» REQUIREMENT
Repeat each record below exactly, omitting whatever pictures appear in it.
>>>
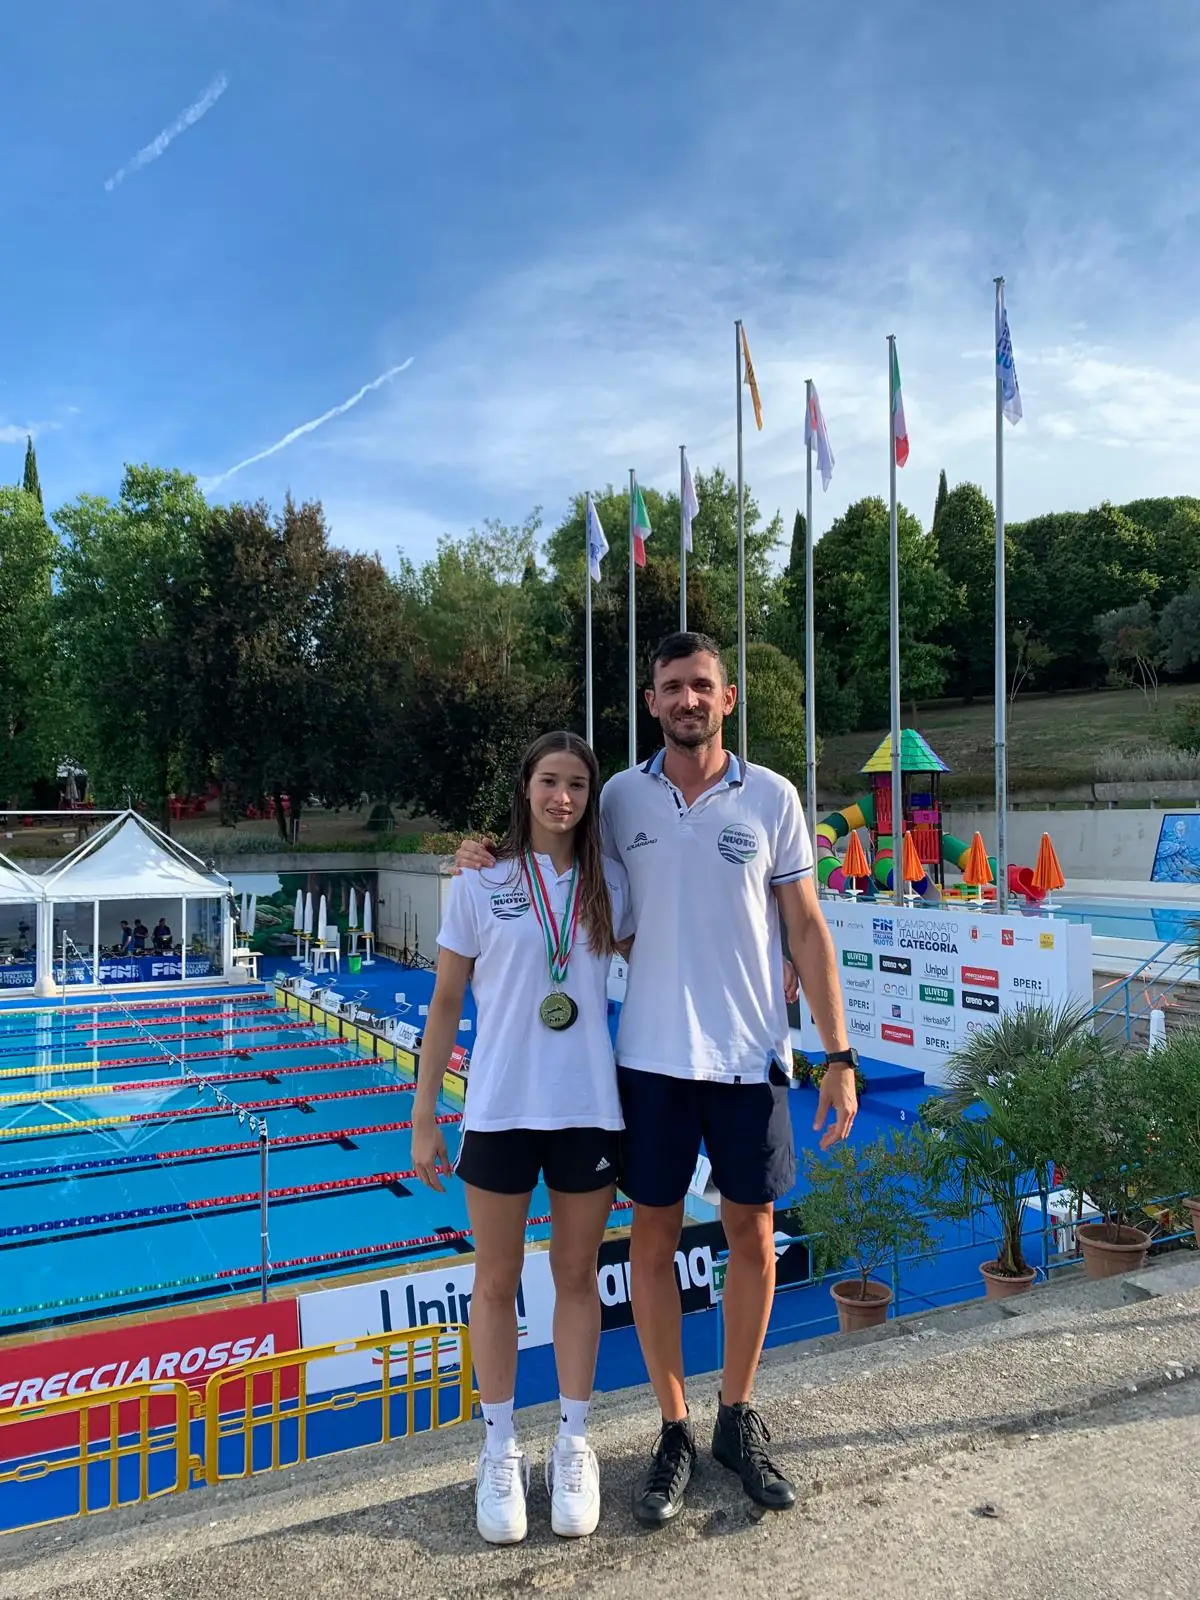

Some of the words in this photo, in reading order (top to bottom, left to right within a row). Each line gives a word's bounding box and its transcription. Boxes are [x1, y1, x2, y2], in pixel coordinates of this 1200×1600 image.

[722, 835, 756, 848] NUOTO
[493, 897, 527, 906] NUOTO
[899, 918, 959, 934] CAMPIONATO
[900, 928, 940, 942] ITALIANO
[941, 932, 951, 943] DI
[900, 939, 959, 954] CATEGORIA
[847, 952, 868, 963] ULIVETO
[98, 964, 132, 979] FIN
[925, 962, 949, 978] Unipol
[883, 983, 908, 997] enel
[924, 987, 949, 997] ULIVETO
[965, 996, 983, 1006] arena
[389, 1020, 396, 1031] 4
[851, 1018, 871, 1033] Unipol
[900, 1110, 906, 1121] 3
[0, 1333, 276, 1409] FRECCIAROSSA
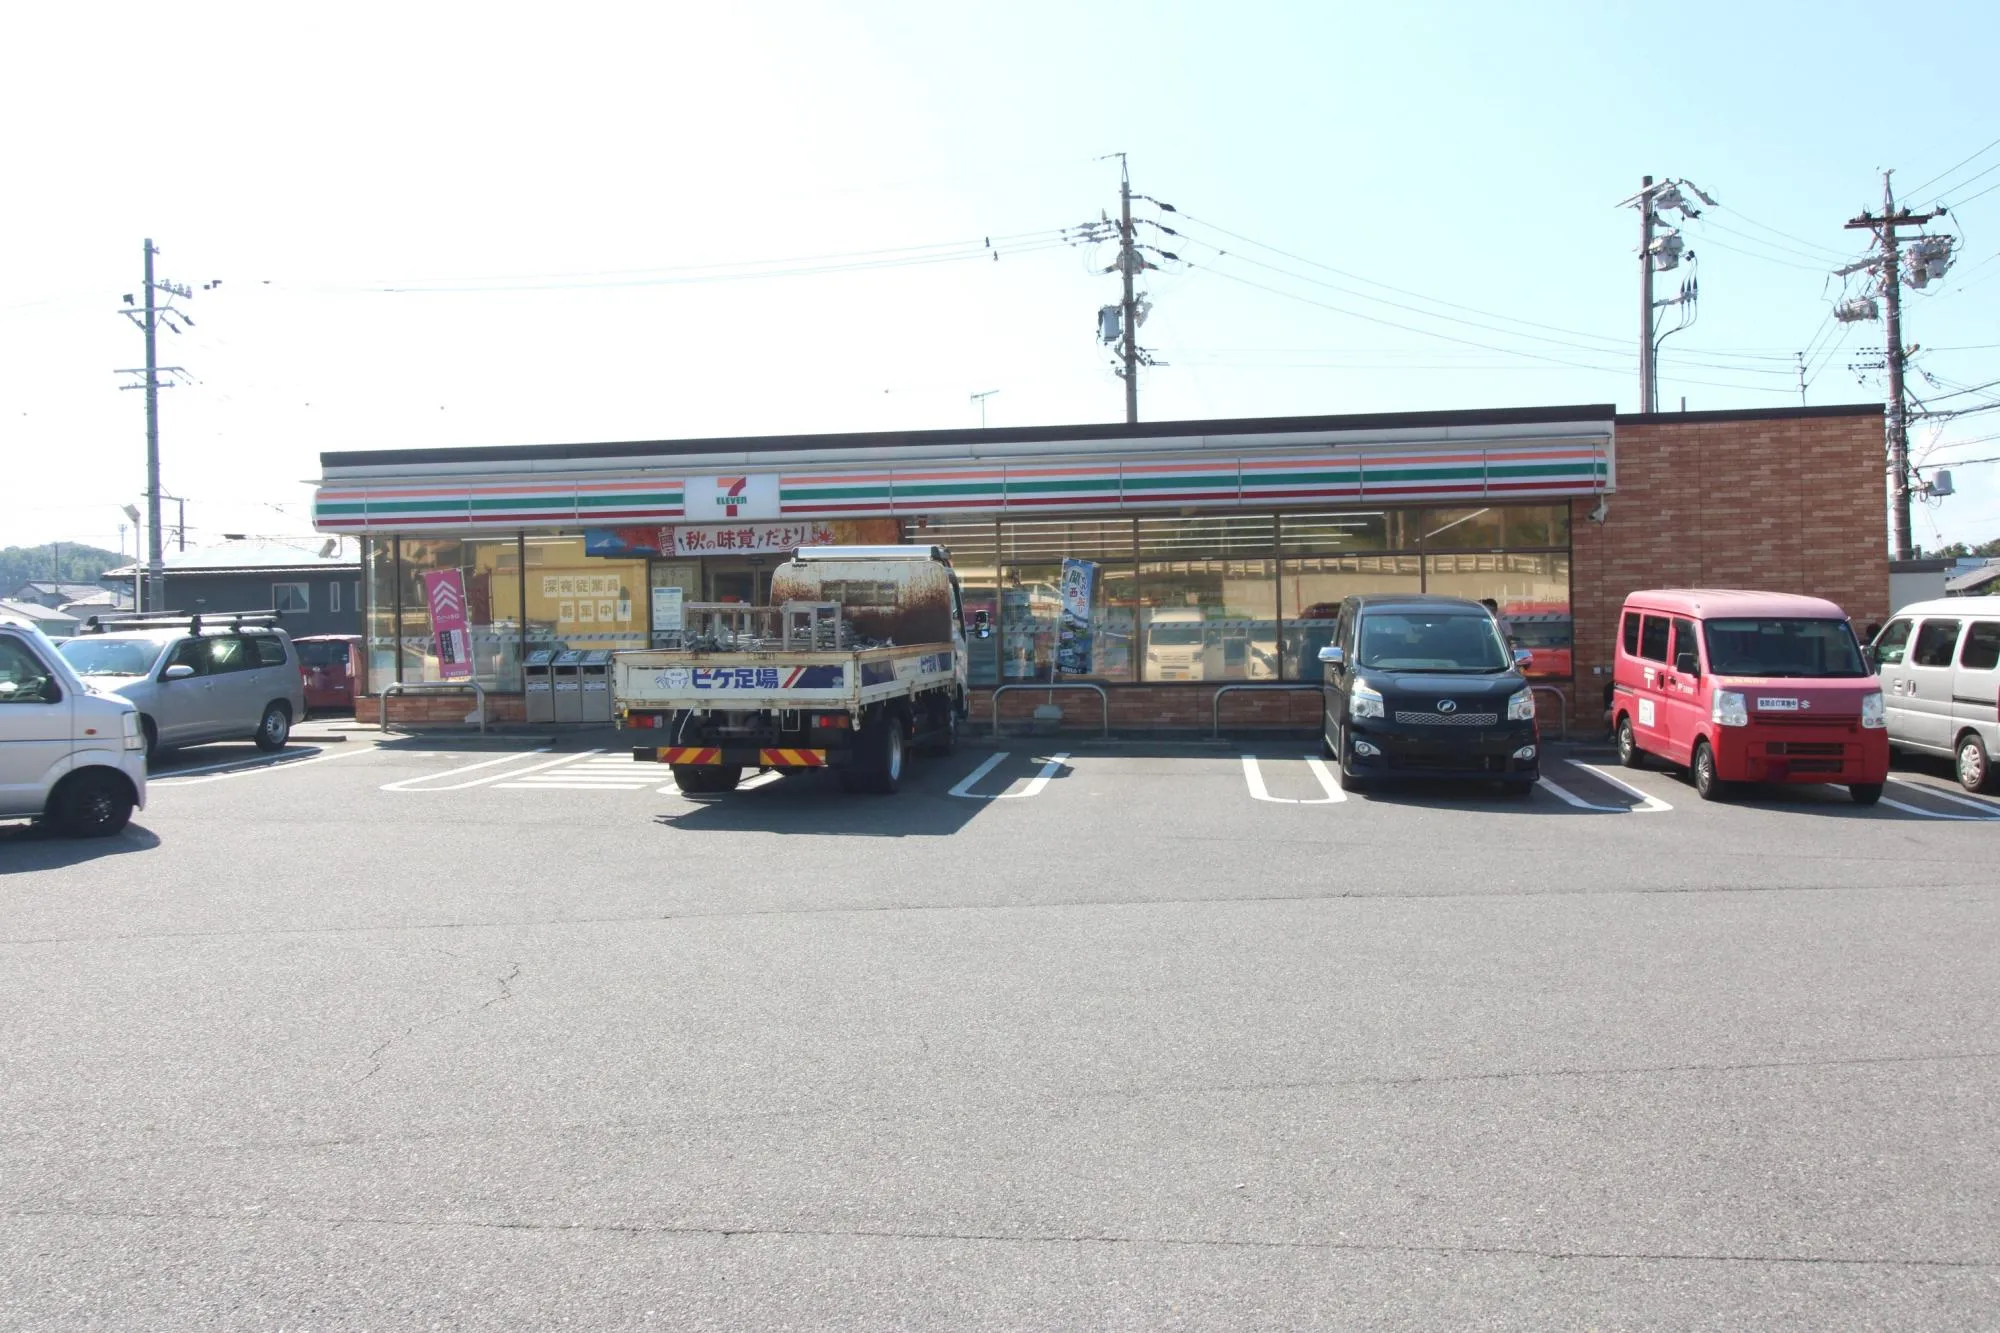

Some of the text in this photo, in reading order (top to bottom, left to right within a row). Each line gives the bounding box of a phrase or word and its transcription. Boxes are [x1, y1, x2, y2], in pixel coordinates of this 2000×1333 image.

[716, 475, 747, 517] 7
[691, 666, 779, 689] ビケ足場
<<<
» TASK RESULT
Some of the words in this photo, in reading order (top to bottom, left to right within a row). Each line gives a word's bounding box and its transcription. Boxes are [x1, y1, x2, y2], in pixel coordinates of this 1200×1600 image.

[722, 835, 756, 848] NUOTO
[493, 897, 527, 906] NUOTO
[899, 918, 959, 934] CAMPIONATO
[900, 928, 940, 942] ITALIANO
[941, 932, 951, 943] DI
[900, 939, 959, 954] CATEGORIA
[847, 952, 868, 963] ULIVETO
[98, 964, 132, 979] FIN
[925, 962, 949, 978] Unipol
[883, 983, 908, 997] enel
[924, 987, 949, 997] ULIVETO
[965, 996, 983, 1006] arena
[389, 1020, 396, 1031] 4
[851, 1018, 871, 1033] Unipol
[900, 1110, 906, 1121] 3
[0, 1333, 276, 1409] FRECCIAROSSA

Some of the text in this photo, in reading order (top to bottom, left to right within a row). Each line gives the bounding box of a phrase or word and its transcription. Boxes are [x1, y1, x2, y2], in pixel coordinates of this 2000×1333 image.

[716, 475, 747, 517] 7
[691, 666, 779, 689] ビケ足場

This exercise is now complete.